• _Exercise details_
Please produce a character-exact copy of the listing that follows, omitting all images.

• _Extracted records_
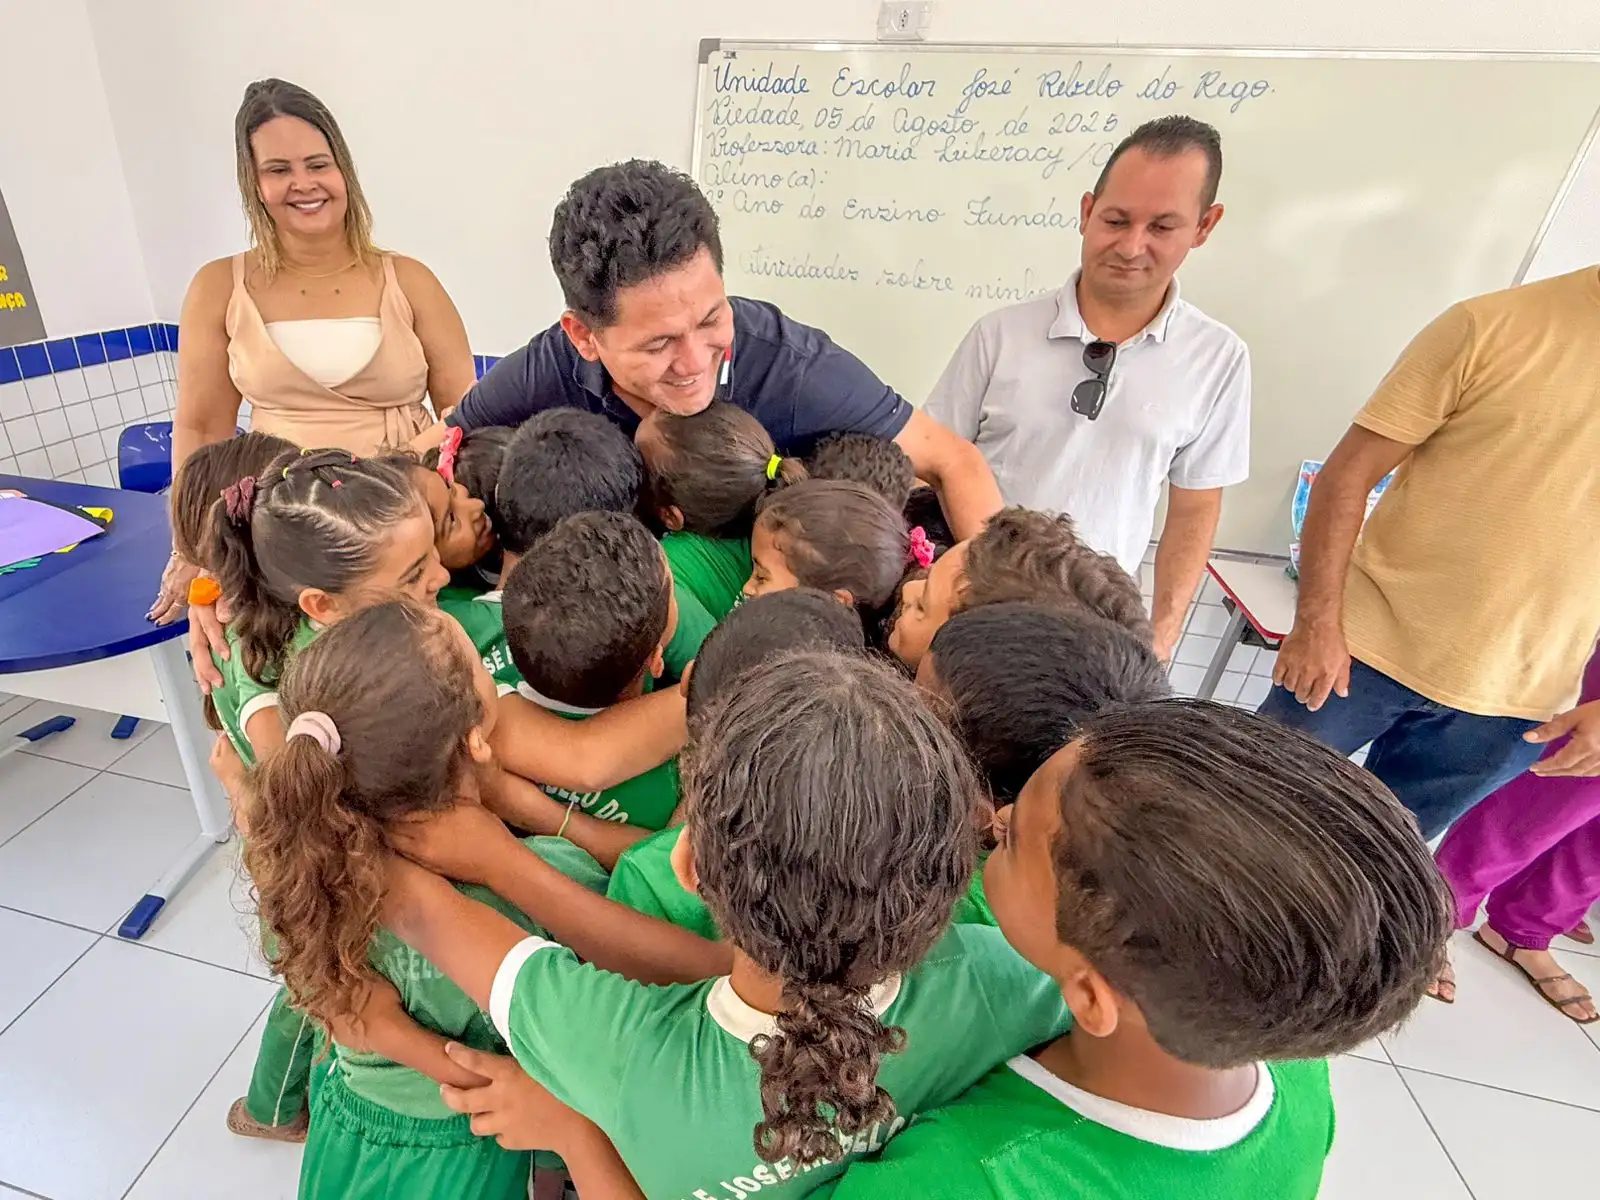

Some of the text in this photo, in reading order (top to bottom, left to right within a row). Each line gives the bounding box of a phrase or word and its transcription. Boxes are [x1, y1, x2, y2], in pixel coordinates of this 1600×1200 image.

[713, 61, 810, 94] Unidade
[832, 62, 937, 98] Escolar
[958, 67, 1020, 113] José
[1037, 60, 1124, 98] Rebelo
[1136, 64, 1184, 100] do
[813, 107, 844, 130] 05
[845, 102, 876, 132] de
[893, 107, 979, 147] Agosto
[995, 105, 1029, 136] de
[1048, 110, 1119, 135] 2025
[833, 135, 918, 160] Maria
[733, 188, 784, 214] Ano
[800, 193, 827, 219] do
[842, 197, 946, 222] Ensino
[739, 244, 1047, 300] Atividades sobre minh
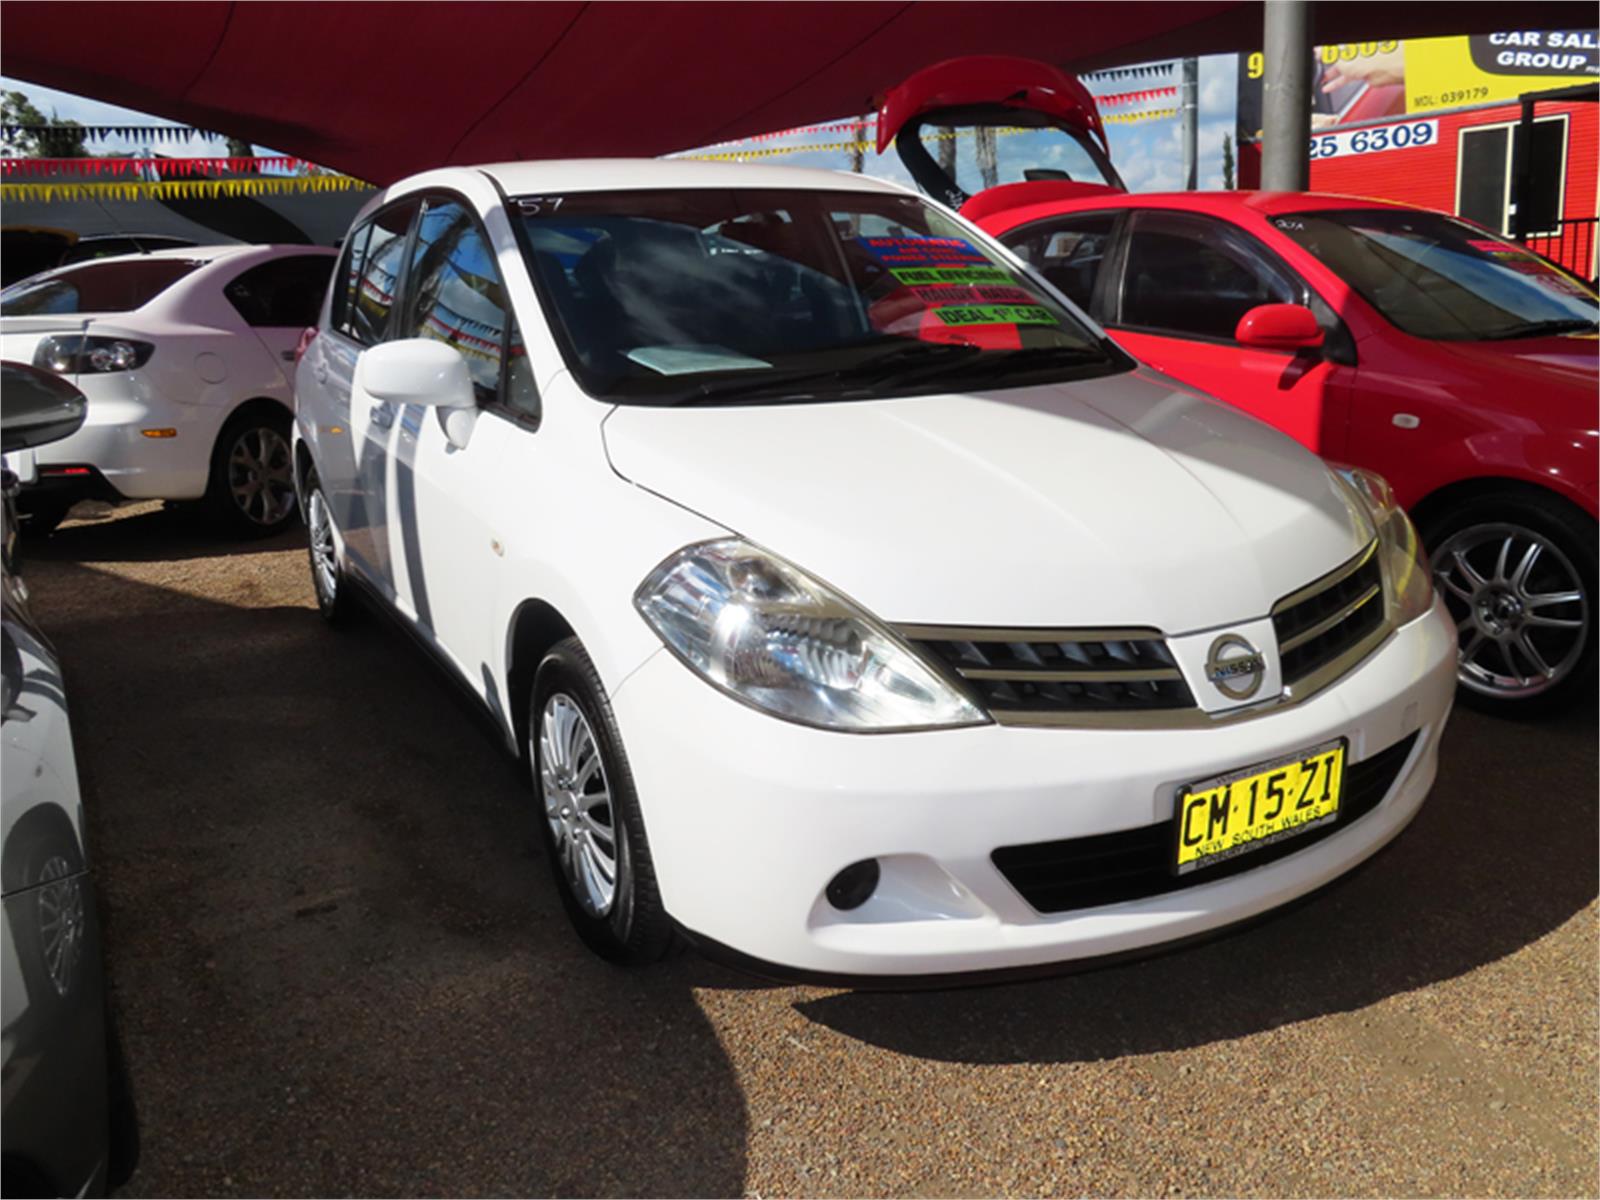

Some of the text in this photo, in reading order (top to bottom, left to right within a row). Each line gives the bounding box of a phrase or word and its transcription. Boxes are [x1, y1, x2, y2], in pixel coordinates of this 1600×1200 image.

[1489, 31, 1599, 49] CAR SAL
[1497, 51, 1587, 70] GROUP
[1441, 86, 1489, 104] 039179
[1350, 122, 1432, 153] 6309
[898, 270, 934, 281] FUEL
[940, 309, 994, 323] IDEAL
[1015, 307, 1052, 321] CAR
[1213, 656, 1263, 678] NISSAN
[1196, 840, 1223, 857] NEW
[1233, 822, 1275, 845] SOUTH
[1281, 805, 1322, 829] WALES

• _Solution below_
Some of the text in this photo, in reading order (top to bottom, left to right within a row). Each line gives the bounding box of a phrase or word and its transcription. Boxes are [x1, y1, x2, y2], in pixel coordinates of this 1600×1200 image.

[713, 61, 810, 94] Unidade
[832, 62, 937, 98] Escolar
[958, 67, 1020, 113] José
[1037, 60, 1124, 98] Rebelo
[1136, 64, 1184, 100] do
[813, 107, 844, 130] 05
[845, 102, 876, 132] de
[893, 107, 979, 147] Agosto
[995, 105, 1029, 136] de
[1048, 110, 1119, 135] 2025
[833, 135, 918, 160] Maria
[733, 188, 784, 214] Ano
[800, 193, 827, 219] do
[842, 197, 946, 222] Ensino
[739, 244, 1047, 300] Atividades sobre minh

Some of the text in this photo, in reading order (top to bottom, left to right within a row). Each line gives the bounding box of a phrase or word and its transcription. Boxes are [x1, y1, x2, y2], in pixel coordinates of this 1600×1200 image.

[1489, 31, 1599, 49] CAR SAL
[1497, 51, 1587, 70] GROUP
[1441, 86, 1489, 104] 039179
[1350, 122, 1432, 153] 6309
[898, 270, 934, 281] FUEL
[940, 309, 994, 323] IDEAL
[1015, 307, 1052, 321] CAR
[1213, 656, 1263, 678] NISSAN
[1196, 840, 1223, 857] NEW
[1233, 822, 1275, 845] SOUTH
[1281, 805, 1322, 829] WALES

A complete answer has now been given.